9. I have perused the court record and find that indeed the Applicant herein filed an objection/reference in court as required under rule 11 (2) of the Advocates (Remuneration) Order seeking an explanation as to why the Taxing Master had taxed bill of costs as they had. That the same were never given and he filed this reference. To date the reasons have never been given and the court will rely on the Taxing Master’s ruling. In the case ofEvans Thiga Gaturu vs Kenya Commercial Bank Limited (2012) eKLR the court held as follows:That brings us to the question of what happens, as the client alleges in this case, where no reasons are given. First and foremost, the above provision presupposes that in delivering their decisions on taxation, the Taxing Officer only pronounce the results of the taxation without the reasons behind them. In most cases the court is aware that taxing officers in their decisions on taxation do deliver comprehensive rulings which are self-contained thus obviating the necessity to furnish fresh reasons thereafter. In such circumstances it would be foolhardy to expect the Taxing Officer to redraft another “ruling” containing the reasons. In my view this is another provision that requires to be looked into afresh. I do not see the reasons why the taxing officer cannot be at the time of making his decision to do so together with the reasons therefor. In my view there is no magic in requiring the Taxing Officer to furnish reasons before the making of a reference.”
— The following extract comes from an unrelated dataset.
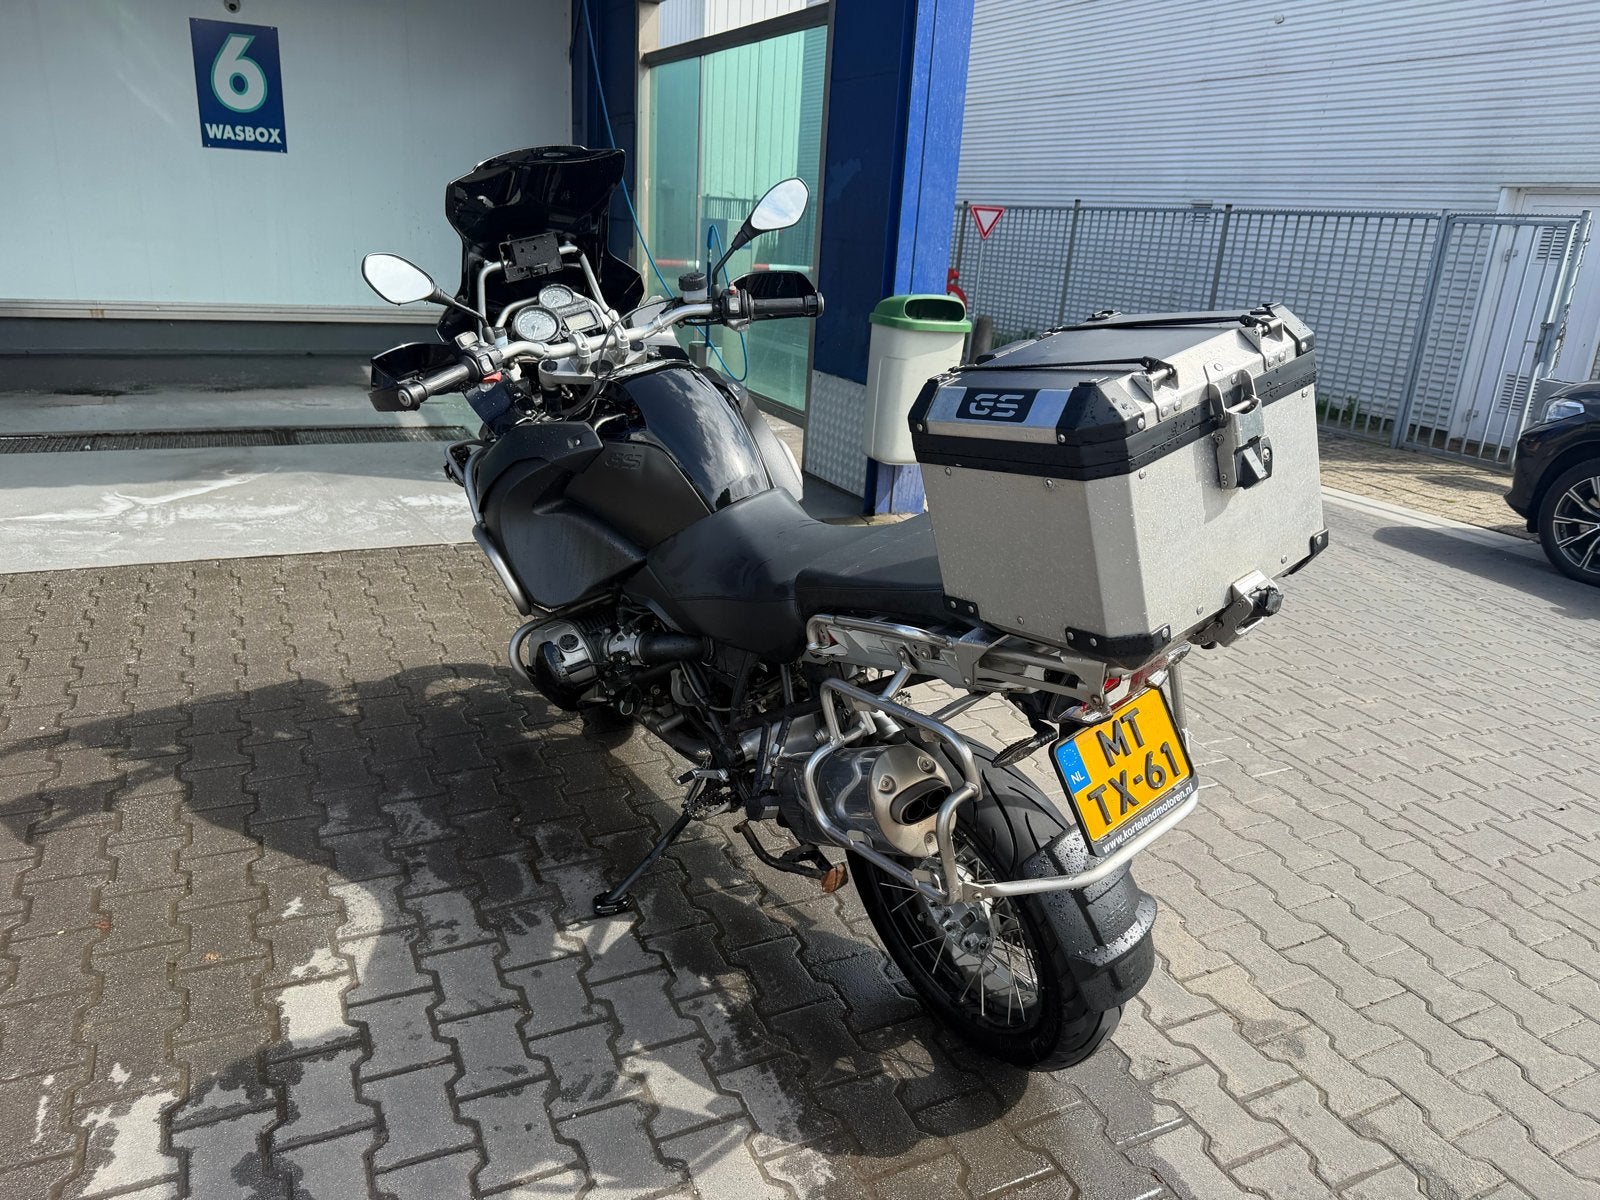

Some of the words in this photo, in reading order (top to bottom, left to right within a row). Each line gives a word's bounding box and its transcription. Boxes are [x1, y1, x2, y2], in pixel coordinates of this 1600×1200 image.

10. In the instant case the Taxing Master found that where parties have entered a prior agreement with regard to legal fees such agreement unless controverted buy another agreement between the parties shall be binding upon both parties. I have perused the said consent entered in court on the 13th February 2017 and paragraph 2 states that;That the Defendants Advocates to wit Mwangi Njenga & Company Advocates be paid a sum of Kshs. 1 million as costs of the case.”
11. I find that the consent is clear and there is no error by the Taxing Officer in the assessment. Consequently, I find that the application is not merited and I dismiss it with no orders as to costs as it was undefended.It is so ordered.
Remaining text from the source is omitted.